→ **Recorded data**:
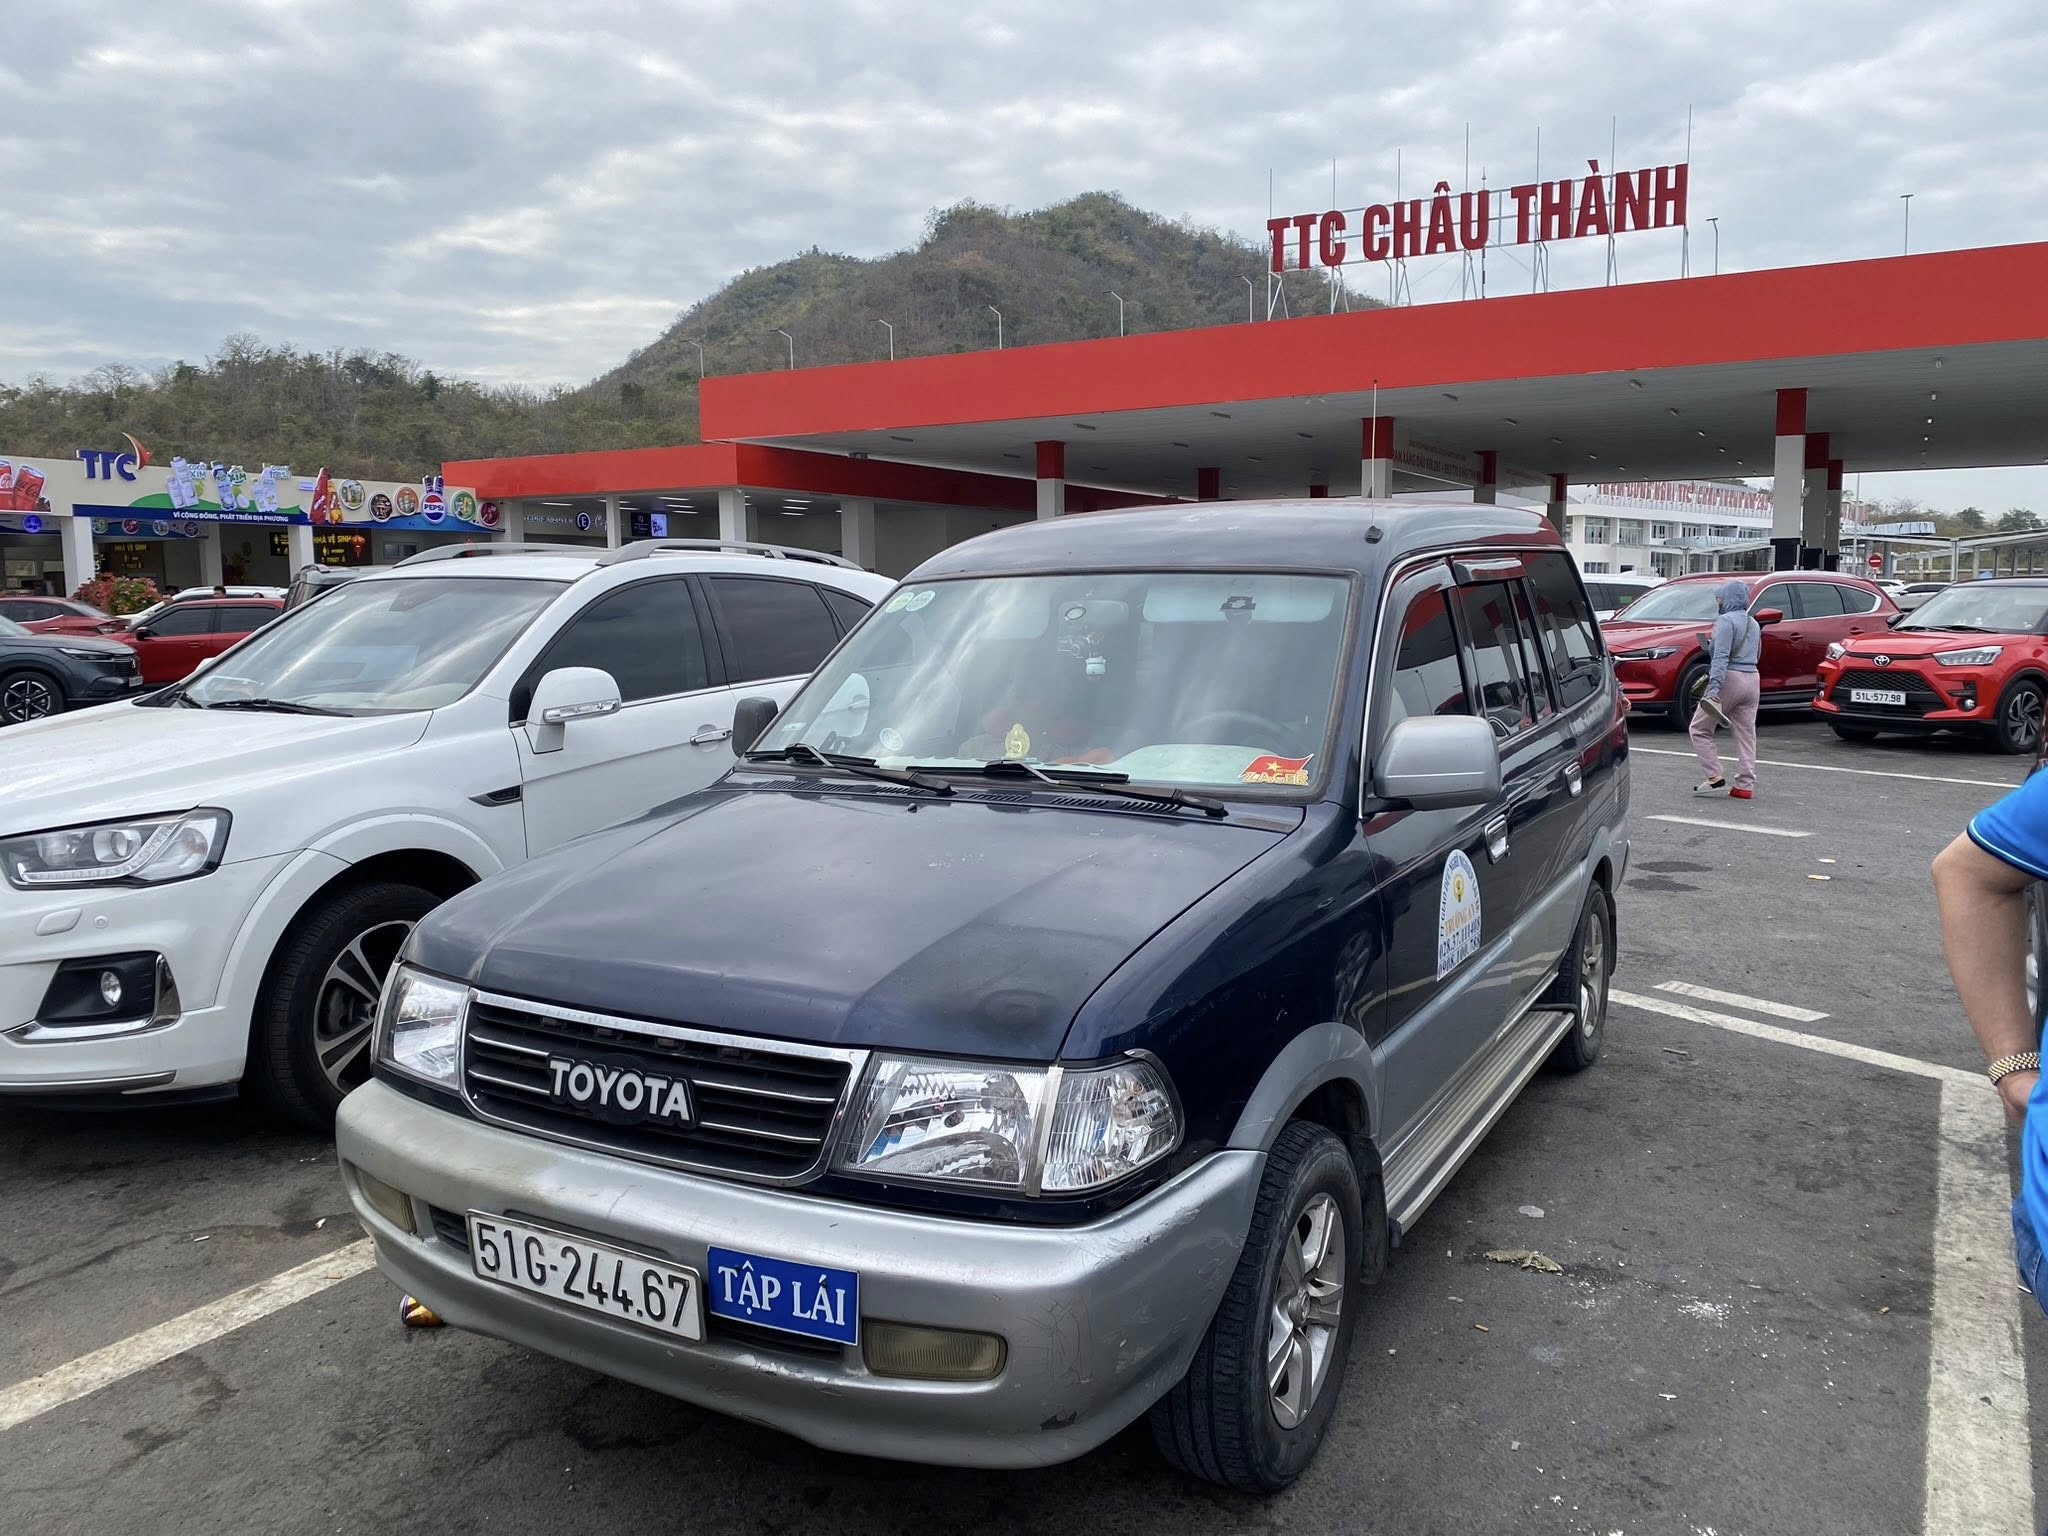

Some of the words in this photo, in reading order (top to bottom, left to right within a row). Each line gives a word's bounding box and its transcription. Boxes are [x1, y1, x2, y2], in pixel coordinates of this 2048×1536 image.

[1267, 210, 1346, 273] TTC
[1362, 181, 1490, 262] CHÂU
[1510, 159, 1689, 244] THÀNH
[76, 449, 137, 481] TTC
[424, 503, 445, 512] PEPSI
[1855, 692, 1902, 703] 51L-577.98
[1243, 771, 1309, 786] ZAGER
[549, 1059, 691, 1122] TOYOTA
[476, 1222, 691, 1328] 51G-244.67
[717, 1259, 782, 1316] TẬP
[791, 1274, 846, 1327] LÁI

→ **Exercise instructions**: Each entry, start to finish, goes into your copy exactly; the pictures stay out.

→ **Solved problem**:
Some of the words in this photo, in reading order (top to bottom, left to right within a row). Each line gives a word's bounding box and its transcription. Boxes are [x1, y1, x2, y2], in pixel coordinates of this 2048×1536 image.

[1267, 210, 1346, 273] TTC
[1362, 181, 1490, 262] CHÂU
[1510, 159, 1689, 244] THÀNH
[76, 449, 137, 481] TTC
[424, 503, 445, 512] PEPSI
[1855, 692, 1902, 703] 51L-577.98
[1243, 771, 1309, 786] ZAGER
[549, 1059, 691, 1122] TOYOTA
[476, 1222, 691, 1328] 51G-244.67
[717, 1259, 782, 1316] TẬP
[791, 1274, 846, 1327] LÁI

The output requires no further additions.